**Task requirements:** Exclude the pictures, then repeat the remaining data exactly.

**Task input:**
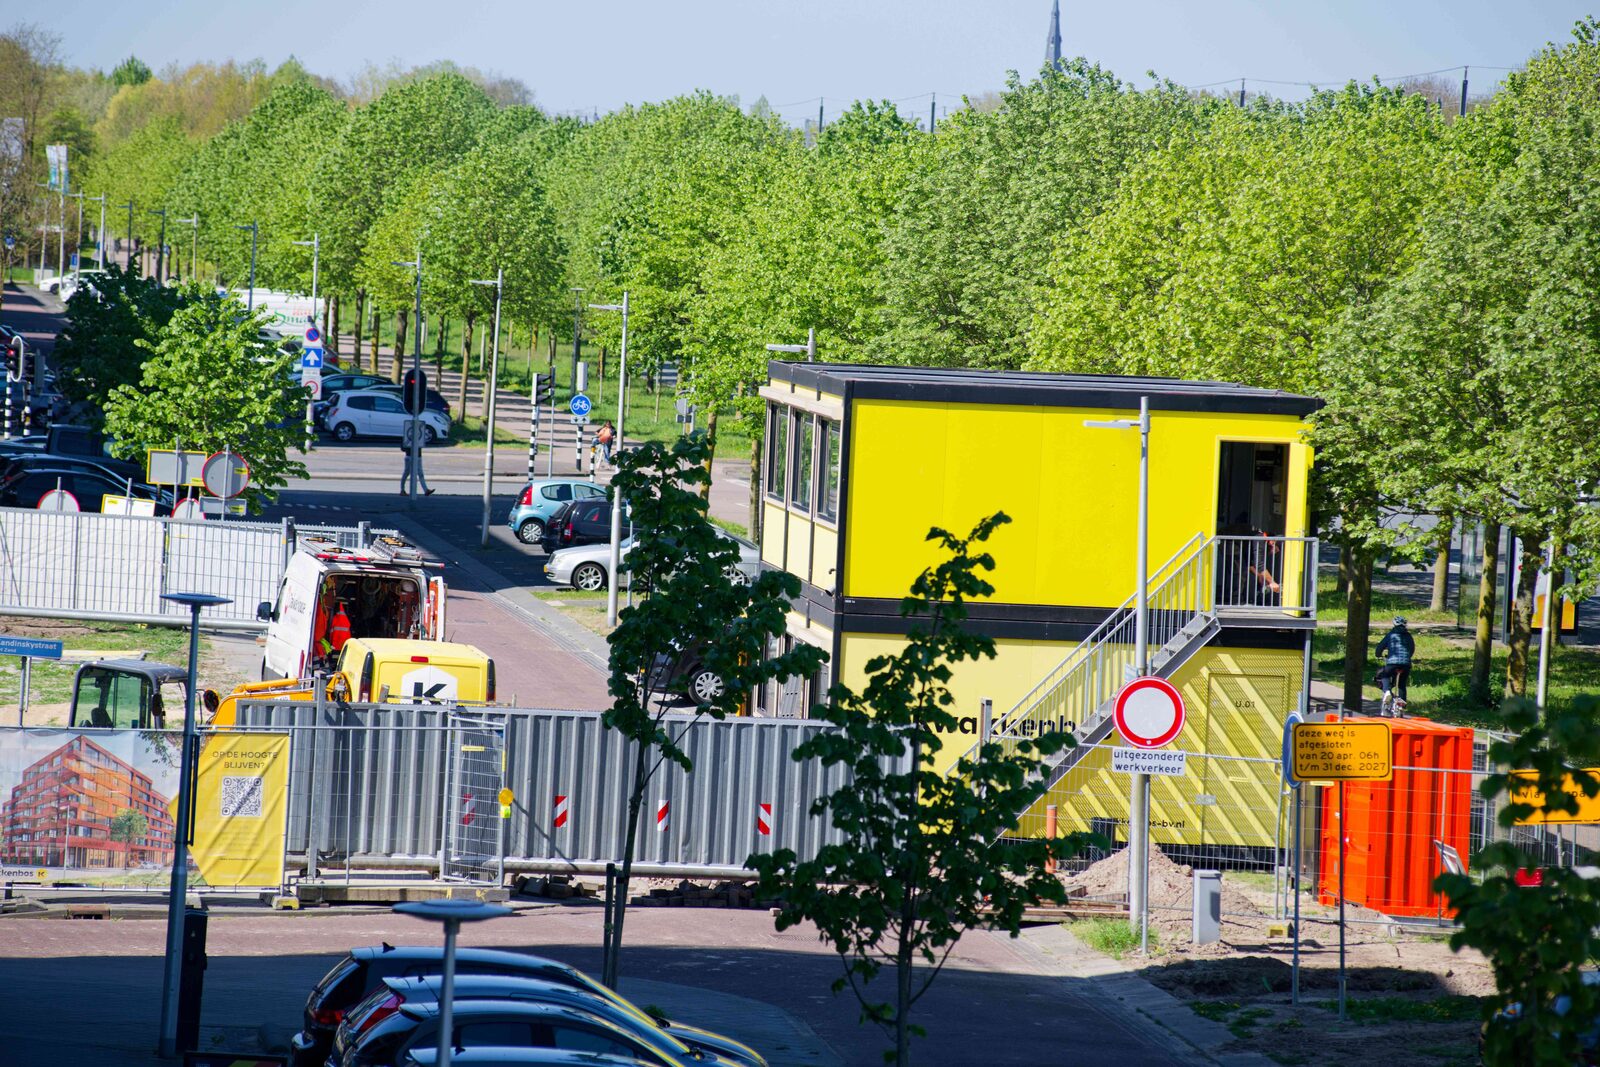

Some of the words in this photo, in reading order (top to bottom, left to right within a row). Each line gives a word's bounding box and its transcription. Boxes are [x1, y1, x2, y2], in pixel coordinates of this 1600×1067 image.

[0, 640, 57, 650] andinskystraat
[414, 682, 447, 705] K
[1299, 730, 1322, 738] deze
[1325, 731, 1344, 739] weg
[1347, 730, 1356, 738] is
[1299, 741, 1352, 751] afgesloten
[228, 751, 238, 759] DE
[240, 751, 279, 759] HOOGTE
[1113, 751, 1184, 762] uitgezonderd
[1320, 752, 1334, 760] 20
[1336, 753, 1356, 761] apr.
[1359, 752, 1380, 760] 06h
[1115, 763, 1182, 774] werkverkeer
[1299, 763, 1320, 772] t/m
[1322, 763, 1333, 771] 31
[1335, 763, 1355, 771] dec.
[1359, 762, 1386, 771] 2027
[0, 869, 34, 877] kenbos

**Reply to the task:**
Some of the words in this photo, in reading order (top to bottom, left to right within a row). Each line gives a word's bounding box and its transcription. Boxes are [x1, y1, x2, y2], in pixel coordinates of this 1600×1067 image.

[0, 640, 57, 650] andinskystraat
[414, 682, 447, 705] K
[1299, 730, 1322, 738] deze
[1325, 731, 1344, 739] weg
[1347, 730, 1356, 738] is
[1299, 741, 1352, 751] afgesloten
[228, 751, 238, 759] DE
[240, 751, 279, 759] HOOGTE
[1113, 751, 1184, 762] uitgezonderd
[1320, 752, 1334, 760] 20
[1336, 753, 1356, 761] apr.
[1359, 752, 1380, 760] 06h
[1115, 763, 1182, 774] werkverkeer
[1299, 763, 1320, 772] t/m
[1322, 763, 1333, 771] 31
[1335, 763, 1355, 771] dec.
[1359, 762, 1386, 771] 2027
[0, 869, 34, 877] kenbos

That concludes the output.